- Born: Roger Daniel Kitter 20 October 1949 Southsea, Hampshire, England
- Died: 3 January 2015 (aged 65) London, England
- Other name: "The Brat" (recorded as)
- Occupations: Actor, comedian, impressionist
- Years active: 1972–2015
- Spouse: Karan David ​(m. 1975)​
- Children: 1

= Roger Kitter =

British actor and comedian (1949–2015)

Roger Daniel Kitter (20 October 1949 – 3 January 2015) was an English actor, comedian and impressionist, best known for playing Captain Alberto Bertorelli in series 7 of the British sitcom TV series 'Allo 'Allo! after the actor Gavin Richards left the role.

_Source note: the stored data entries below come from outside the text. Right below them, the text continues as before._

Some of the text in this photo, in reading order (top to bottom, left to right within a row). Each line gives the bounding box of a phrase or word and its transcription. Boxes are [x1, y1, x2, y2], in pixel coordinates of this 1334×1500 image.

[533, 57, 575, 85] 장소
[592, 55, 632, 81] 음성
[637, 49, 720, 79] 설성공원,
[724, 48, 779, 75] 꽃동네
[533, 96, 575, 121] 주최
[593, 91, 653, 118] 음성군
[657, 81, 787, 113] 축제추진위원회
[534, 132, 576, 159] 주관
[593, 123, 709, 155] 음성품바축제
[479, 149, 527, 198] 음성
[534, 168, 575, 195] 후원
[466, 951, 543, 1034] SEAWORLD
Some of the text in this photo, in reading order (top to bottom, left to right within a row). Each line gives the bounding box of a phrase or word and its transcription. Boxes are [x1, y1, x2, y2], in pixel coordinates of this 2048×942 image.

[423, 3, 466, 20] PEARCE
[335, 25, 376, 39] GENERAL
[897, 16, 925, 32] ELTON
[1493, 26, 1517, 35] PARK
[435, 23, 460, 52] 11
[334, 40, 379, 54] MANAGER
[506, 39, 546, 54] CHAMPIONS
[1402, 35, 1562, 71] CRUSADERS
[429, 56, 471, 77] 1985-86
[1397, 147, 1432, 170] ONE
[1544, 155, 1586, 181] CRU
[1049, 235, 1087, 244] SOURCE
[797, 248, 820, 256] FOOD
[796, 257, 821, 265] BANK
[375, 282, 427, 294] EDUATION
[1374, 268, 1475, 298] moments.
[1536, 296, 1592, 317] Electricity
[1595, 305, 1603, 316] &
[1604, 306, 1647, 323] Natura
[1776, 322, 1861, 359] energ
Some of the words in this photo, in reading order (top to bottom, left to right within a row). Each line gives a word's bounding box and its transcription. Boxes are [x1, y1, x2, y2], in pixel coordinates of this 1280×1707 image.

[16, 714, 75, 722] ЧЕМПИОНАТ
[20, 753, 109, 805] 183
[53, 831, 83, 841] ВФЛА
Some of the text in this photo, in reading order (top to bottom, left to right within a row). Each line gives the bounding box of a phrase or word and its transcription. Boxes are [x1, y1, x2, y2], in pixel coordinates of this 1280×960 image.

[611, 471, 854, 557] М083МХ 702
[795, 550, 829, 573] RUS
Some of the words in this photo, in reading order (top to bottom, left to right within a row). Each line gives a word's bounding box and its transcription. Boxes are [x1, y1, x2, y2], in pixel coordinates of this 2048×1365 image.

Kitter had previously appeared weekly with Lulu throughout the 10-week run of her 1973 BBC1 series It's Lulu and was a regular on the ITV show Who Do You Do?. With Kaplan Kaye he also recorded a song "Chalk Dust - The Umpire Strikes Back" using the monicker "The Brat". Released on the Hansa label, it entered the UK Singles Chart on 10 July 1982; it reached a peak of number 19, and remained in the chart for 8 weeks.

A Freemason, he was a member of the Chelsea Lodge No. 3098, made up of entertainers. On 25 September 2009 he became Chairman of the Entertainment Artistes' Benevolent Fund.

Kitter died from cancer on 3 January 2015, aged 65.